La paziente, non soddisfatta dall’incertezza che emergeva dal consiglio dei sanitari si rivolgeva così all’Istituto Europeo di Oncologia che suggeriva di procedere ad una quadrantectomia che veniva eseguita pochi mesi dopo.
Venivano esaminati i linfonodi sentinella che risultavano, incredibilmente, esenti da neoplasia e la signora aveva in quell’occasione la certezza di essere stata operata inutilmente, di aver creduto di essere affetta da una grave neoplasia sviluppando così conseguenze, anche sul piano psichico, assai gravi.
D’innanzi al pacifico contrasto tra le risultanze iniziali e la successiva diagnosi che le smentiva, la paziente si augurava che la struttura ospedaliera responsabile dell’errore diagnostico si facesse parte diligente e provvedesse a formulare le sue scuse e a risarcire il danno ma dalla struttura non perveniva alcun segnale di disponibilità cosicchè la paziente era costretta a depositare un ricorso per accertamento tecnico preventivo che l’Azienda Ospedaliera tentava in ogni modo di impedire facendo ricorso anche ad eccezioni francamente discutibili.
Il Giudice nominava quindi un collegio di consulenti che studiavano il caso e confermavano che la diagnosi istopatologica di carcinoma duttale infiltrante non fosse corretta segnalando che la paziente aveva così subito un intervento maggiormente demolitivo che viceversa non sarebbe stato necessario.
Ma nemmeno dopo la conferma di ciò che era a ciascuno evidente la Struttura ha inteso formulare proposte transattive ma anzi ha insistito nel ritenere l’accertamento tecnico non ammissibile obbligando la paziente a depositare ricorso ex art. 702 bis c.p.c. (un procedimento civile a cognizione ridotta, e quindi più agile e breve, voluto anche dalla riforma Gelli Bianco) che è iniziato a dicembre del 2018 ed è durato un solo anno.
Ma anche nel corso del procedimento civile, con il quale la paziente chiedeva che gli esiti dell’accertamento tecnico preventivo già svolto fossero valorizzati dal Magistrato, che provvedesse quindi alla condanna della Struttura Ospedaliera, quest’ultima non mutava contegno insistendo nel perorare tesi pretestuose opponendosi in ogni modo ad una soluzione conciliativa e così, con la sentenza pronunciata in data 12.11.2019 il Tribunale di Bergamo, Giudice dott.
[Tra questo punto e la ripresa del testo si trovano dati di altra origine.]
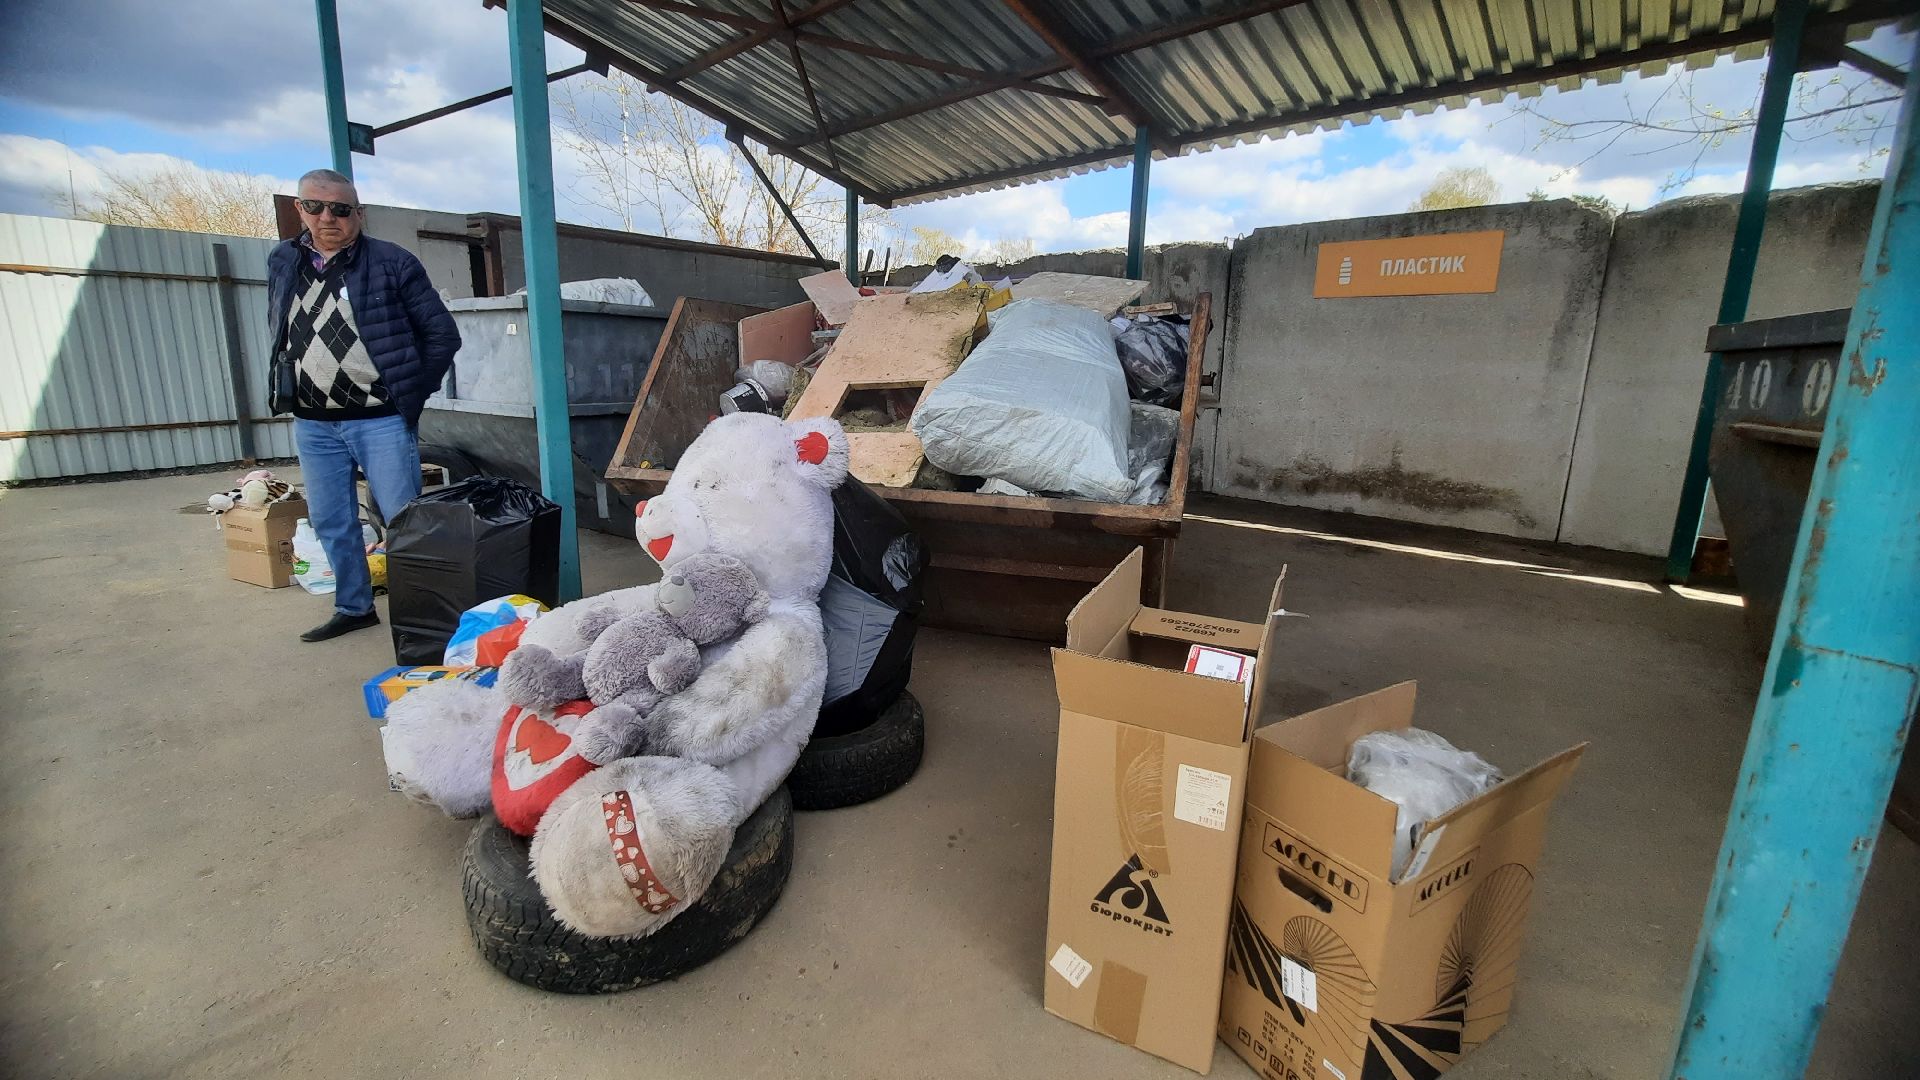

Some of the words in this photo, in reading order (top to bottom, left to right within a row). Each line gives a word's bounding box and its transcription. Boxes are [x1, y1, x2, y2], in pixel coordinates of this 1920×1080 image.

Tommaso Del Giudice, condannava l’Azienda non solo a risarcire il danno applicando le tabelle del Tribunale di Milano ma pure a risarcire tutte le spese legali e peritali sia del ricorso per accertamento tecnico preventivo che del successivo giudizio cosicchè, ad oggi, l’Azienda Ospedaliera, per aver inutilmente negato l’evidenza, si trova onerata del pagamento di un importo di oltre il 30% più importante di quello che avrebbe dovuto sostenere se avesse voluto conciliare o quantomeno, all’esito dell’accertamento tecnico preventivo, dimostrarsi disponibile alla discussione.
Anche tale caso, come molti altri che abbiamo commentato in passato, si presta a paradigma del contegno che molto spesso strutture sanitarie e loro assicurazioni manifestano nel modo di interpretare il contenzioso, liquidando ogni finalità deflattiva dei procedimenti, voluti dalla riforma della responsabilità medica per rendere più agile il percorso del contenzioso, tentando di sfidare la sorte in procedimenti costosi dei quali poi sono costrette a sostenere i costi.
Quando quindi si discute di medicina difensiva, dei costi dei risarcimenti erogati, le statistiche sono prevalentemente fallaci perchè non tengono conto dell’aumento dei costi del risarcimento erogato legati alla mala gestio del caso finendo per attribuire ad incomprensibili aumenti, nel tempo, del costo dei risarcimenti senza rendersi conto che, delle somme erogate, frequentemente una quota significativa va attribuita proprio alla scarsa disponibilità alla conciliazione.